Parsing Without the Regret, Using nom

A screen full of code

I had a config format to parse. Not a standard one, a slightly odd in-house thing with key-value lines, nested blocks, and comments. My first instinct was a pile of regular expressions, and my second, wiser instinct was the memory of every other time I have done that and regretted it within a month.

So I reached for nom, the parser combinator library, and built it properly. The thing that sells nom is that small parsers compose into bigger ones, and the code ends up reading like the grammar it implements rather than a heap of string slicing.

Combinators, from the bottom up

You start with tiny parsers that each recognise one thing, then glue them together. A parser for an identifier, a parser for whitespace, a parser for a value. Each is a function that takes input and returns the rest of the input plus what it matched.

use nom::{
    bytes::complete::{tag, take_while1},
    character::complete::{char, space0},
    sequence::separated_pair,
    IResult,
};

fn ident(input: &str) -> IResult<&str, &str> {
    take_while1(|c: char| c.is_alphanumeric() || c == '_')(input)
}

fn key_value(input: &str) -> IResult<&str, (&str, &str)> {
    separated_pair(ident, (space0, char('='), space0), ident)(input)
}

key_value is built entirely from smaller parsers. separated_pair runs an identifier, then the = with optional spaces around it, then another identifier, and hands back the pair. No backtracking I had to reason about, no clever regex group I would fail to understand next year.

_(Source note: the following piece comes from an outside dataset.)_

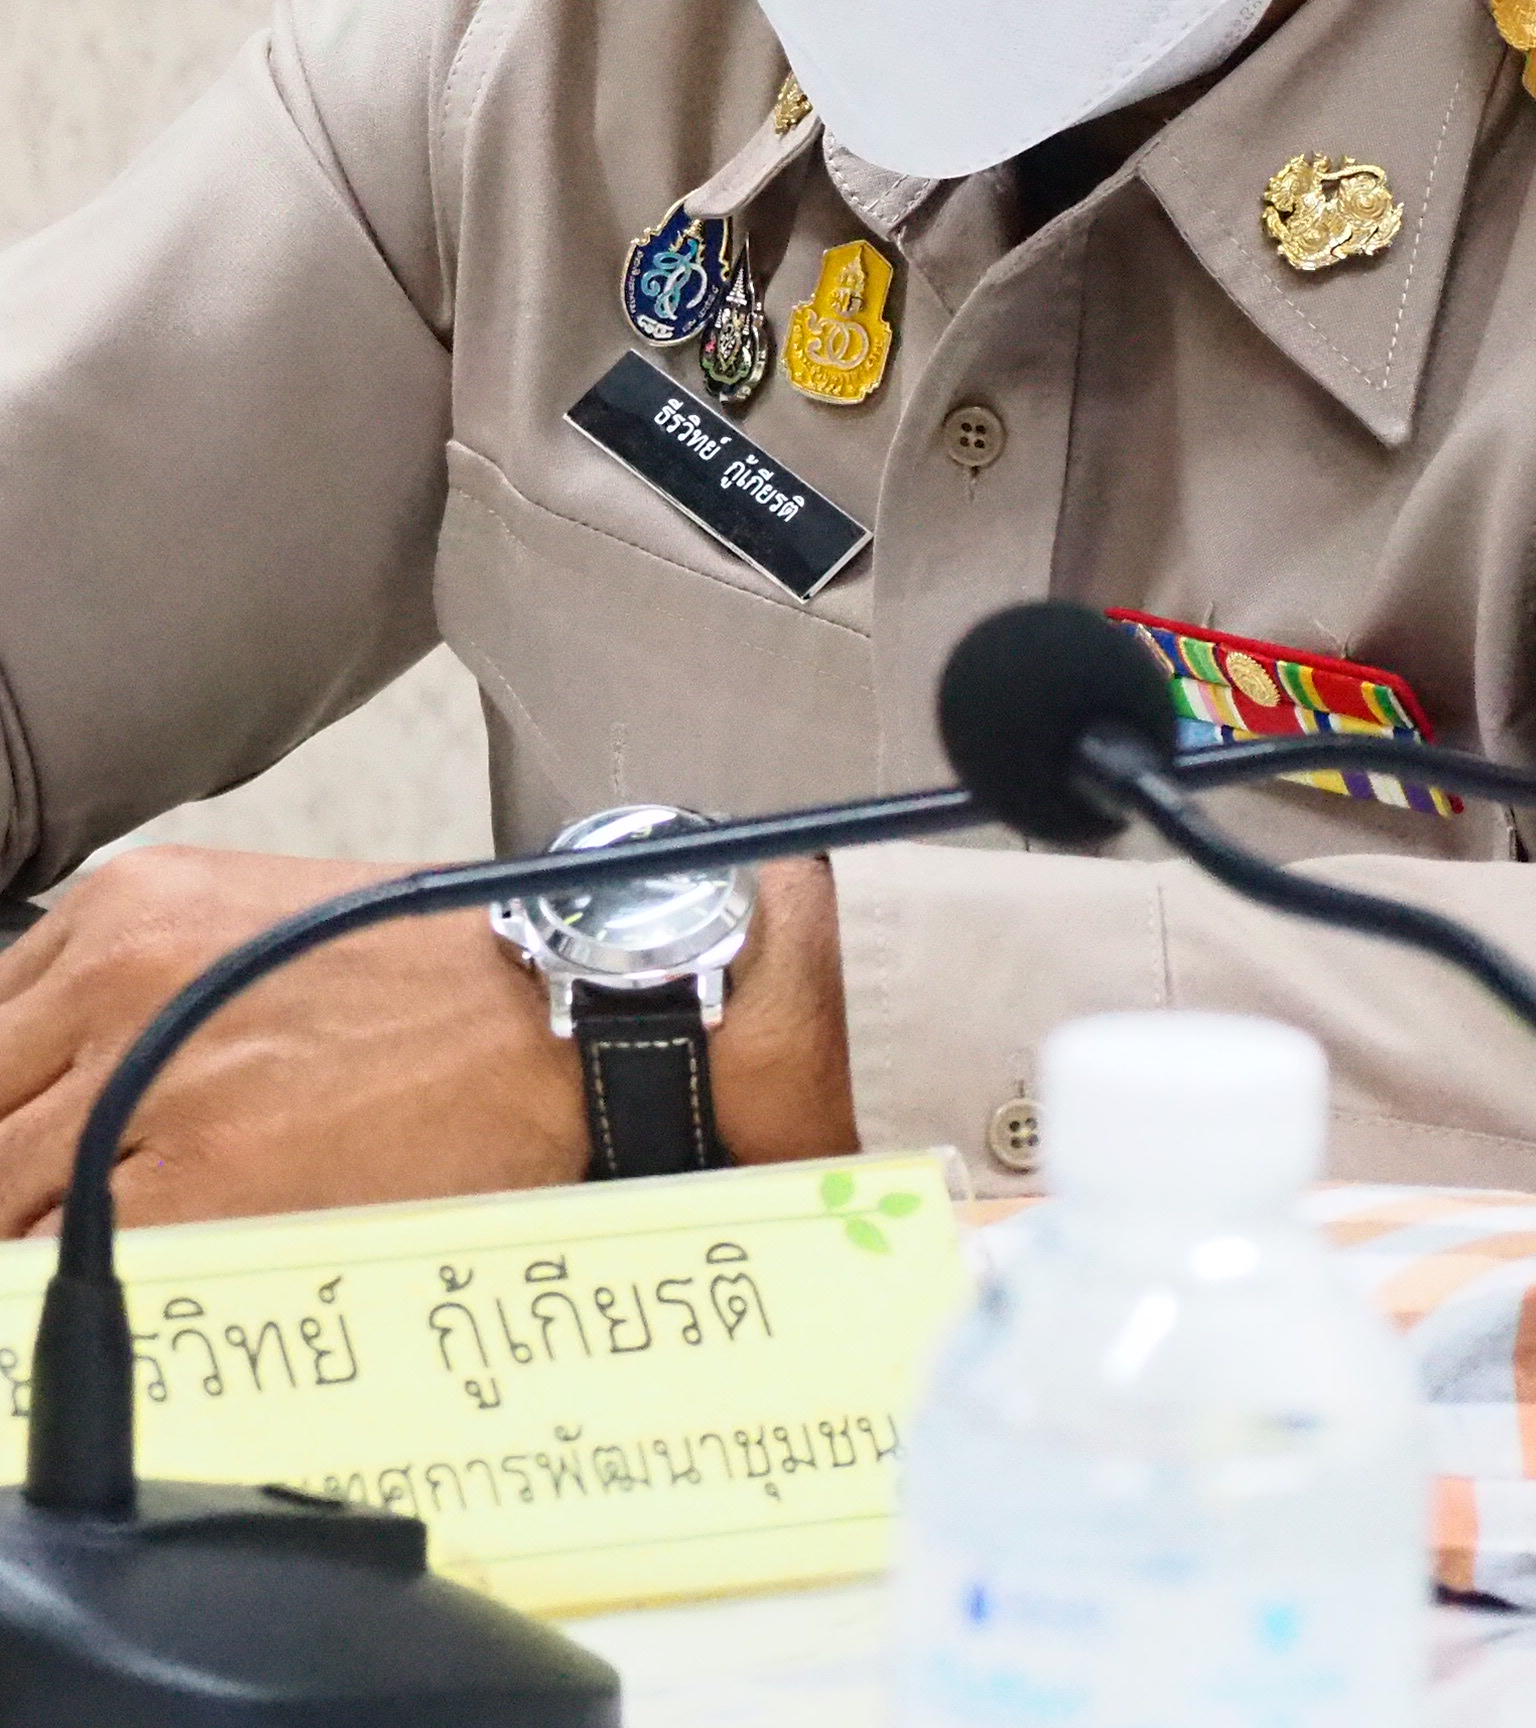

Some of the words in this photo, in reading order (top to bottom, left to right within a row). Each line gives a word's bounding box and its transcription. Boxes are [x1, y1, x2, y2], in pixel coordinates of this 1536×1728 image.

[653, 398, 732, 461] ธีรวิทย์
[720, 454, 805, 523] กู้เกียรติ
[428, 1241, 773, 1409] กู้เกียรติ

A close-up of code on a screen

Where it pays off

The win is not raw speed, though nom is fast because it works on slices and does not allocate unless you ask. The win is that the structure of the parser matches the structure of the language. When I needed to add nested blocks, I wrote a block parser that recursively used the line parser, and it slotted in without disturbing anything else. Try doing that to a 200-character regex.

The error handling is the other quiet benefit. When a parse fails, nom tells you where in the input it gave up and what it expected, which beats a regex returning a flat "no match" for the entire file. With a little effort you get errors precise enough to point a human at the offending line.

The honest downsides

It is not free. The type signatures get baroque, and the first time you hit a lifetime error inside a combinator chain you will question your choices. The complete versus streaming distinction trips everyone up once, where one assumes it has all the input and the other expects more to arrive. Read the docs on that before, not after.

But for anything beyond a trivial split-on-comma, I will take a nom parser over a regex every time. The regex is faster to write and slower to live with. The parser is the reverse, and I am the one who has to read it in a year.